躍進の年となった今年を「タイムは出たが、怪我が多くてまだまだ」と振り返る新井。来年2月には丸亀ハーフマラソンが控えており、「タイムが出やすい大会なので、専大日本人記録を狙いたい」と高々に宣言。続けて「来年はもう一段階レベルアップして他校の主力と戦わないと予選会は勝てないので、そこを意識したい」と今後を見据えた。自他ともに認める”爆発力”を秘める期待の2年生。今季最後のレースで大台を記録し、切磋琢磨する同期だけでなく、チームに強烈な刺激をもたらした。

▲来年は次世代のエース候補に成り得る強烈な印象を与えた


〇驚異的な成長ぶり ルーキー上山が激走


 4組に出走した上山は自己記録を45秒をも更新する29分09秒54をマーク。28分台も視界にとらえ、同世代トップの記録をたたき出す激走を見せた。

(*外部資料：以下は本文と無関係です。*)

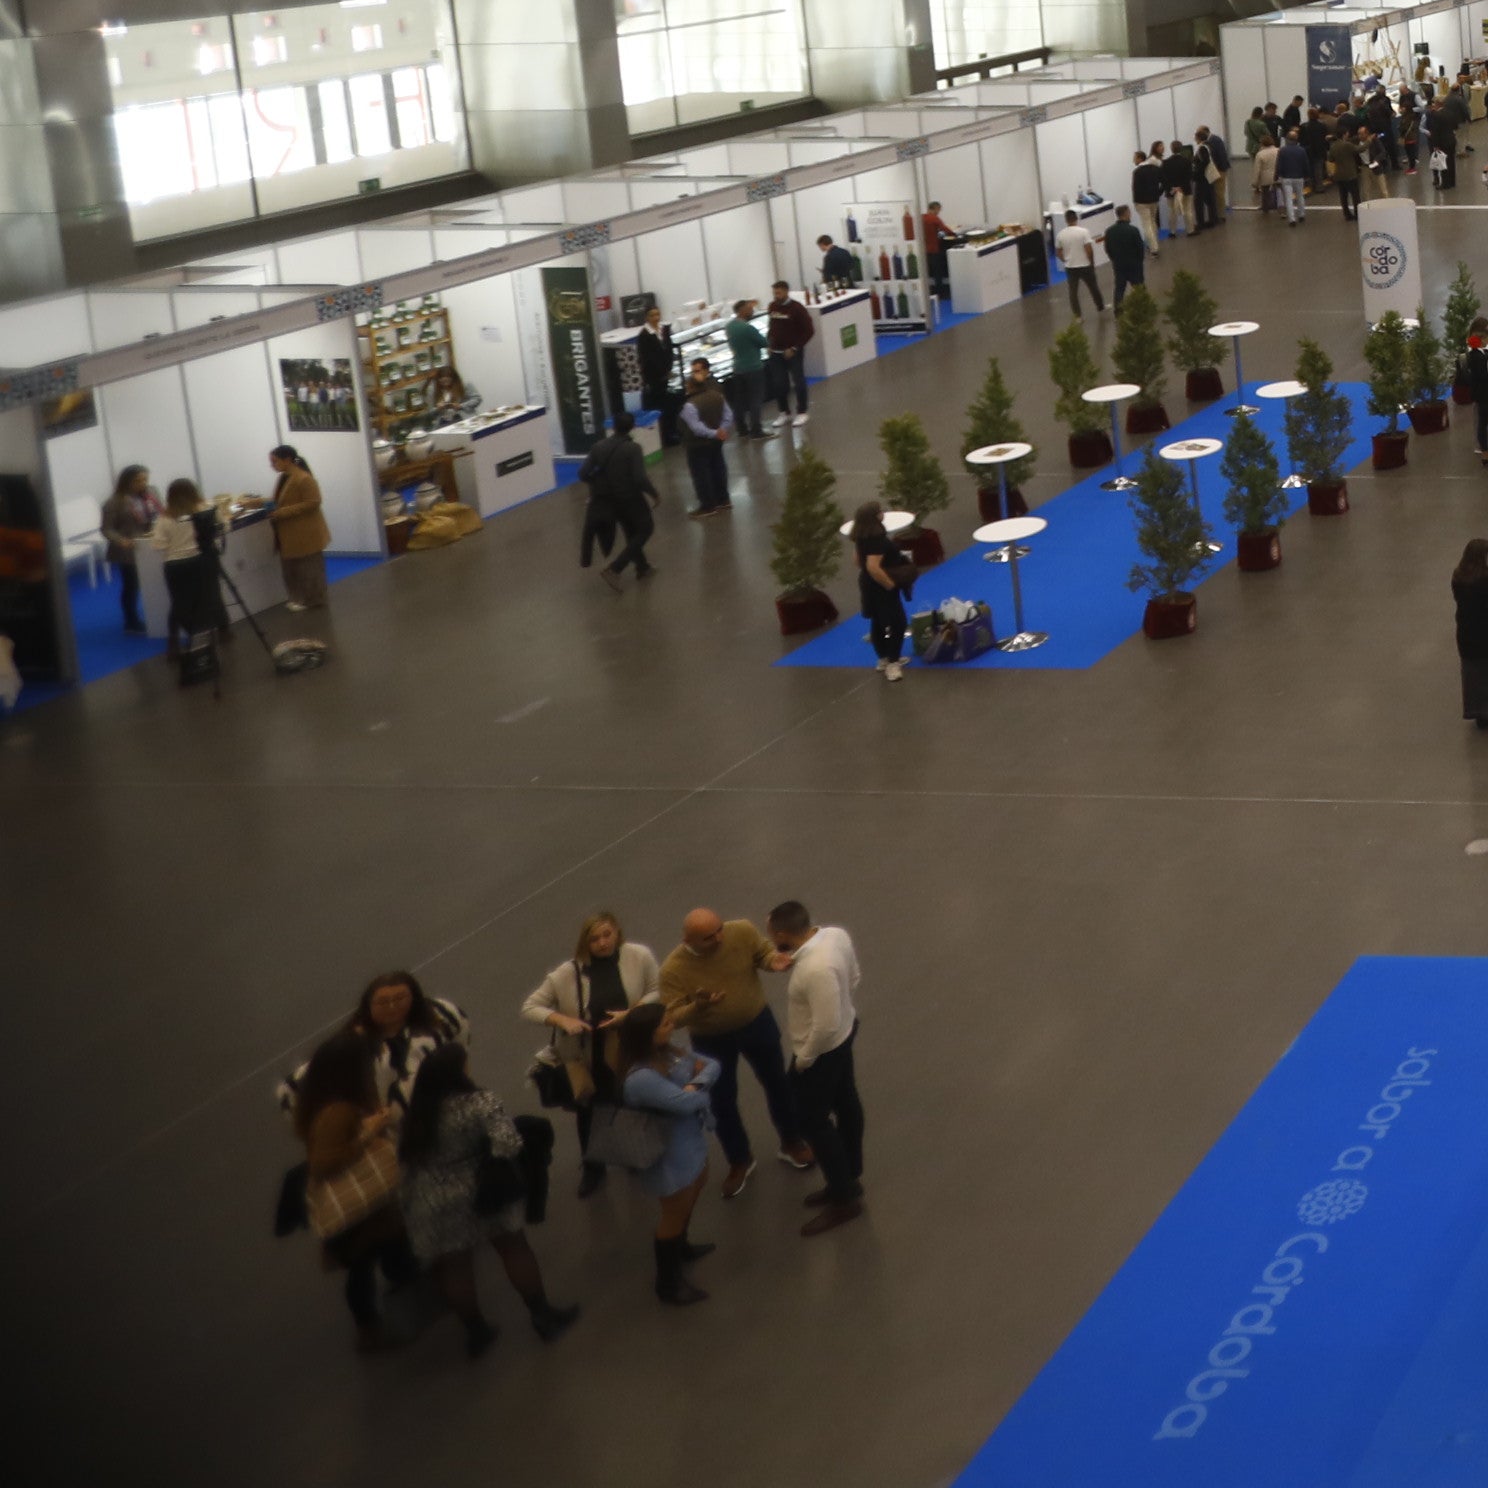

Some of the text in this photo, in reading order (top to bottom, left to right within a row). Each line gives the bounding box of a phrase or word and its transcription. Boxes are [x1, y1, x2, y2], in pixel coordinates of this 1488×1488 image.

[569, 329, 596, 435] BRIGANTES
[1359, 1046, 1438, 1140] sabor
[1330, 1145, 1373, 1171] a
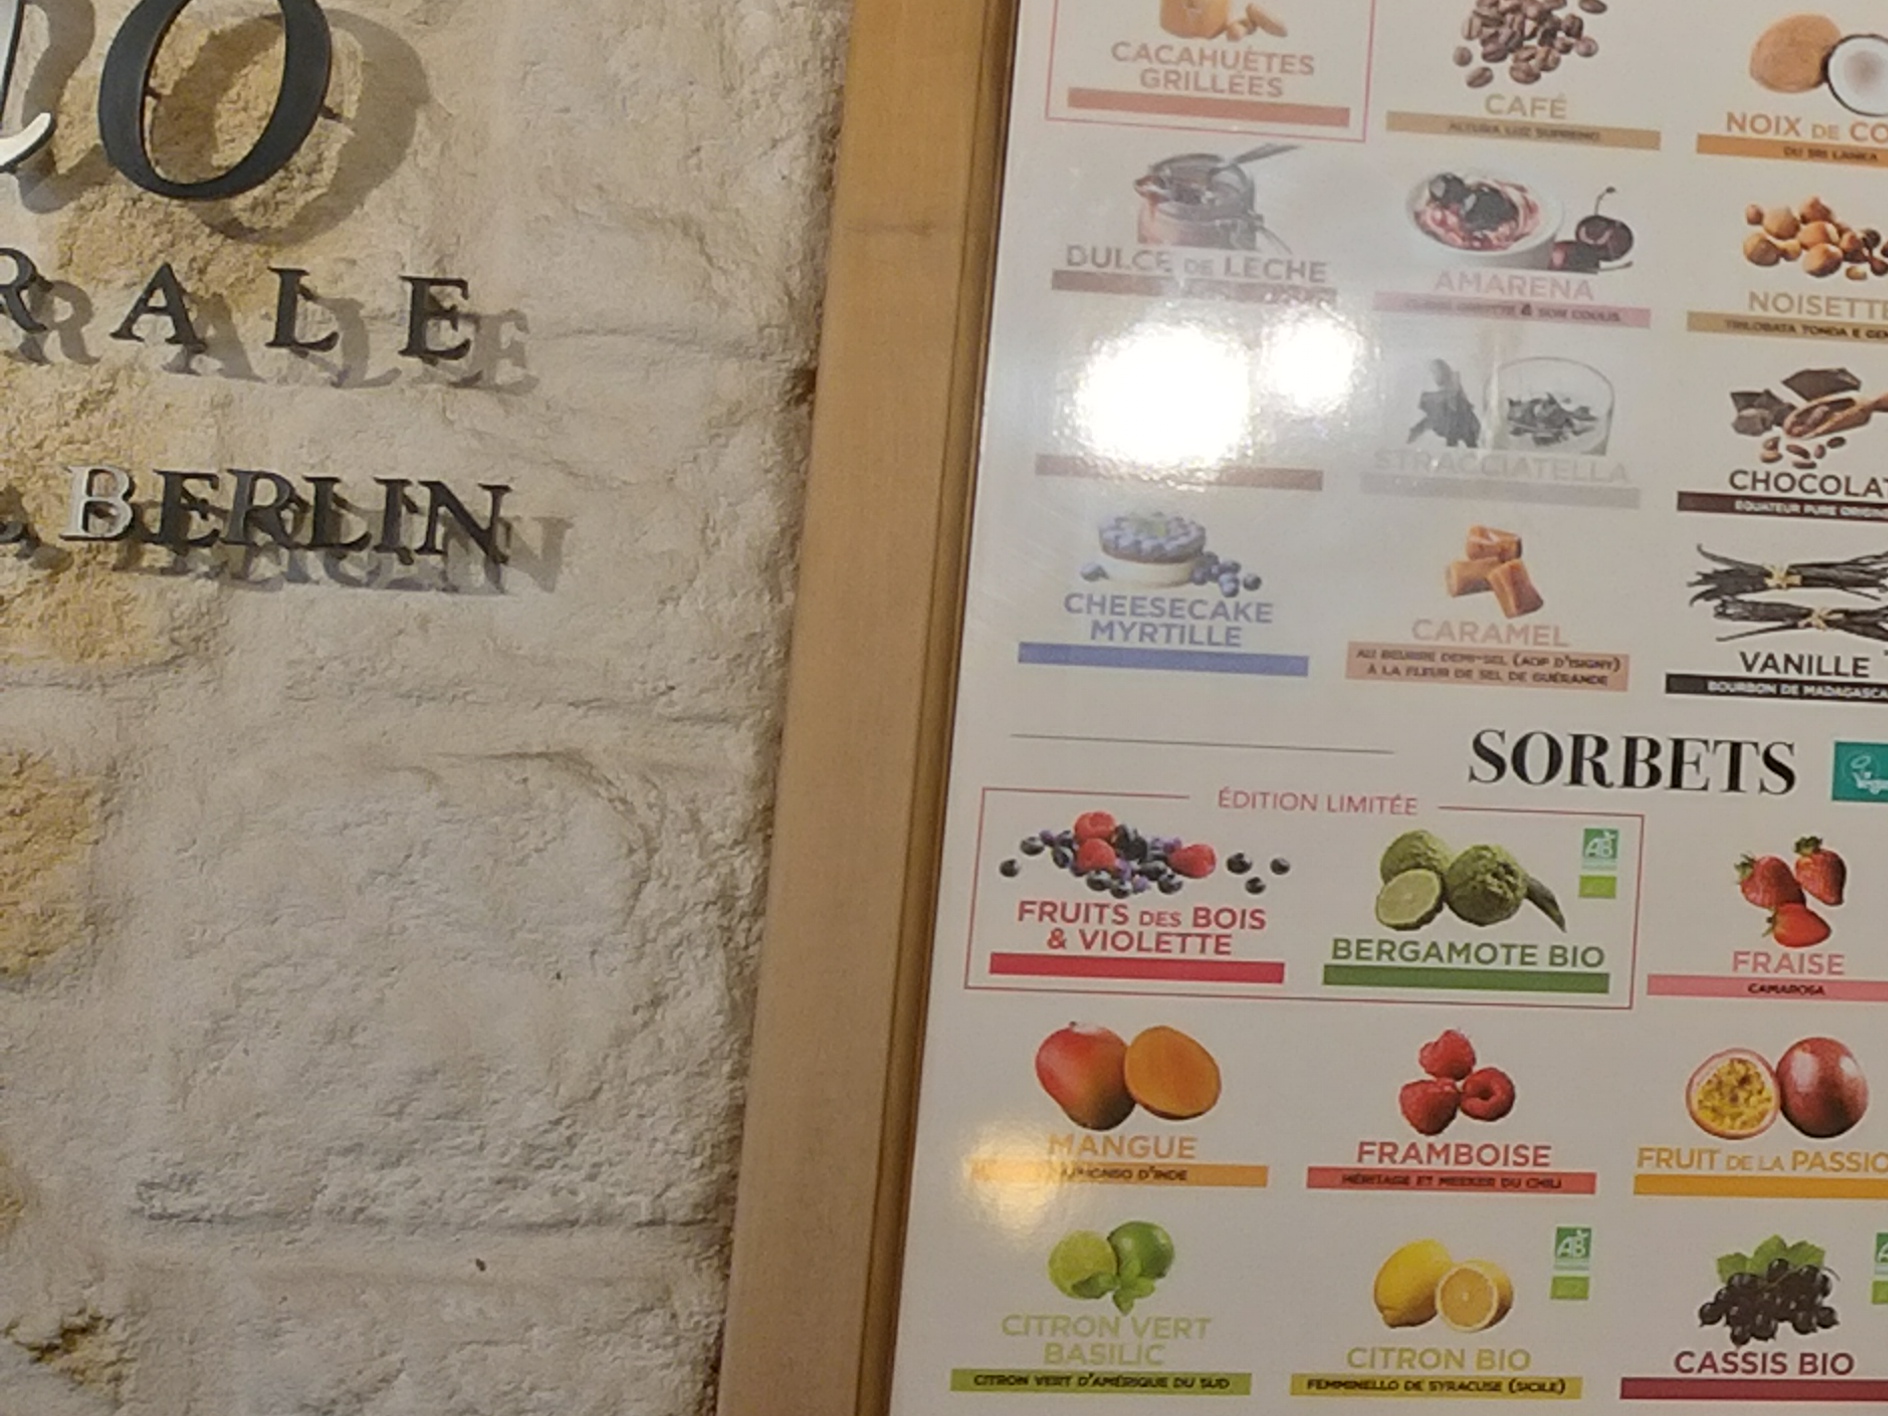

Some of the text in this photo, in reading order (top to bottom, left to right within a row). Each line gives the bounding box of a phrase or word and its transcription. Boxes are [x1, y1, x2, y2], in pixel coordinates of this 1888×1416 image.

[1110, 40, 1316, 76] CACAHUÈTES
[1139, 66, 1284, 99] GRILLÉES
[1484, 91, 1568, 120] CAFÉ
[1725, 110, 1801, 139] NOIX
[1810, 121, 1841, 141] DE
[1065, 244, 1327, 284] DULCE DE LECHE
[1434, 268, 1596, 302] AMARENA
[1372, 446, 1631, 484] STRACCIATELLA
[60, 464, 512, 566] BERLIN
[1063, 591, 1274, 625] CHEESECAKE
[1090, 620, 1242, 650] MYRTILLE
[1411, 618, 1570, 650] CARAMEL
[1738, 650, 1871, 679] VANILLE
[1467, 726, 1797, 796] SORBETS
[1217, 786, 1418, 816] ÉDITION LIMITÉE
[1016, 899, 1267, 931] FRUITS DES BOIS
[1046, 927, 1233, 957] & VIOLETTE
[1331, 937, 1606, 969] BERGAMOTE BIO
[1731, 950, 1846, 977] FRAISE
[1046, 1133, 1198, 1161] MANGUE
[1356, 1141, 1553, 1169] FRAMBOISE
[1636, 1146, 1721, 1172] FRUIT
[1728, 1153, 1754, 1172] DE
[1759, 1154, 1785, 1173] LA
[1000, 1312, 1213, 1343] CITRON VERT
[1042, 1341, 1168, 1369] BASILIC
[1347, 1346, 1532, 1372] CITRON BIO
[1673, 1349, 1856, 1376] CASSIS BIO
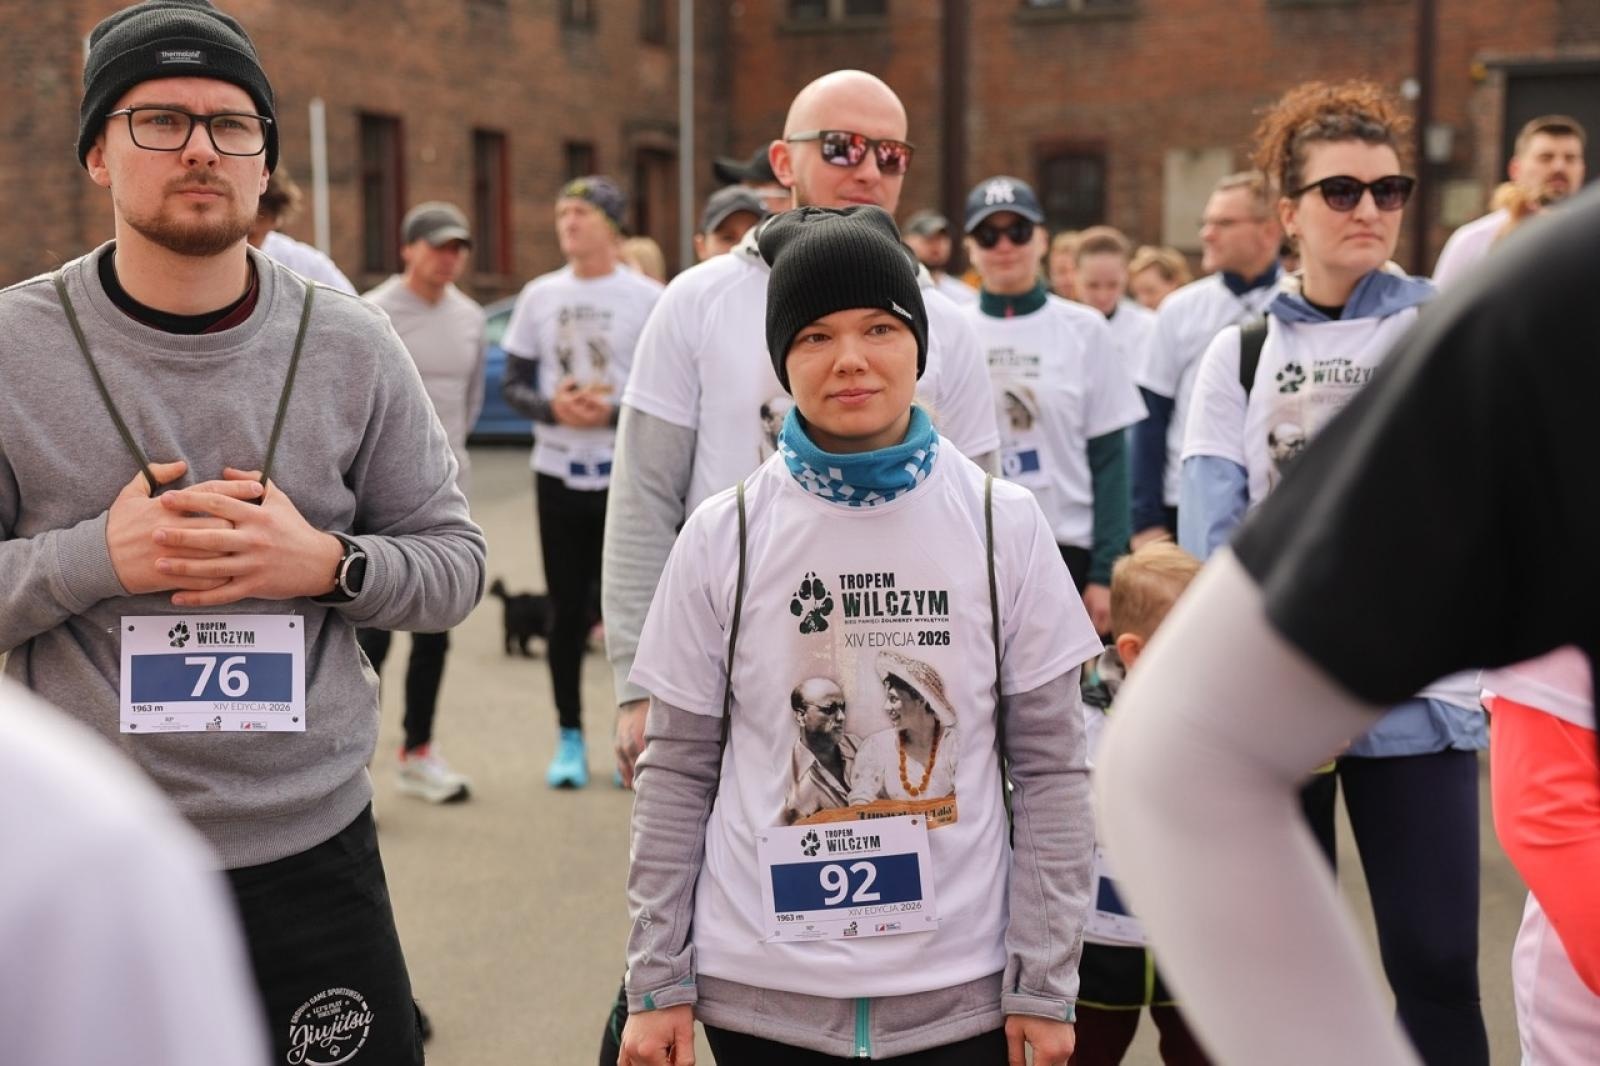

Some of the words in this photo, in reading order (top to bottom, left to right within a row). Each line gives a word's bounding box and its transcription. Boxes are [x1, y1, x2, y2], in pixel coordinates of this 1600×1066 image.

「予想外に良いタイムが出た。いい走りができたなと思う」と笑顔でレースを振り返った上山は序盤から先頭につきレースを展開した。先頭集団が徐々に崩れていくも離されることなく落ち着いた走りを見せた。「組1着を狙うレースをしろ」と五ヶ谷宏司コーチからのゲキが飛ぶと、ラスト1周に仕掛けた。集団を一気に飛び出し、ほかの選手を引き離しそのまま組1位でフィニッシュ。

▲先頭集団に付ける上山。組トップでのフィニッシュを果たした


 「余後半までゆとりをもってラストで上げられたらという感じで走っていた。あとは(自分が)速いと思わないことですね。そう思い始めると気が滅入るというかマイナスな感じになってしまうので、速いと思わなかったからこそ出た記録なのかなと思います」と大幅な記録更新について語った。

 前季は怪我に悩まされ、1度も走ることのできなかった上山。入学前の怪我とそこからの焦りもあり、うまく治らなかったという。そんな中、転機になったのは怪我からの復帰後に参加した夏合宿。自身も「(合宿で)結構いい感じに作れたっていうのはあります。ここに間に合ったというのが大きかった。合宿が自分を変えてくれたのかなと思っている」と話した。

▲シーズン後半からのレース出走で驚異的な成長をみせ、伸びしろをアピール

 

 長谷川淳監督も「ここ近年では、1年目でここまで行く選手はいなかったので、すごいほかの選手の刺激になっている。大幅に記録を更新しているのでかなりインパクトがある。夏から始めたので、この半期でよくここまで上げてきたなと思う」とその急成長ぶりに驚いているようだった。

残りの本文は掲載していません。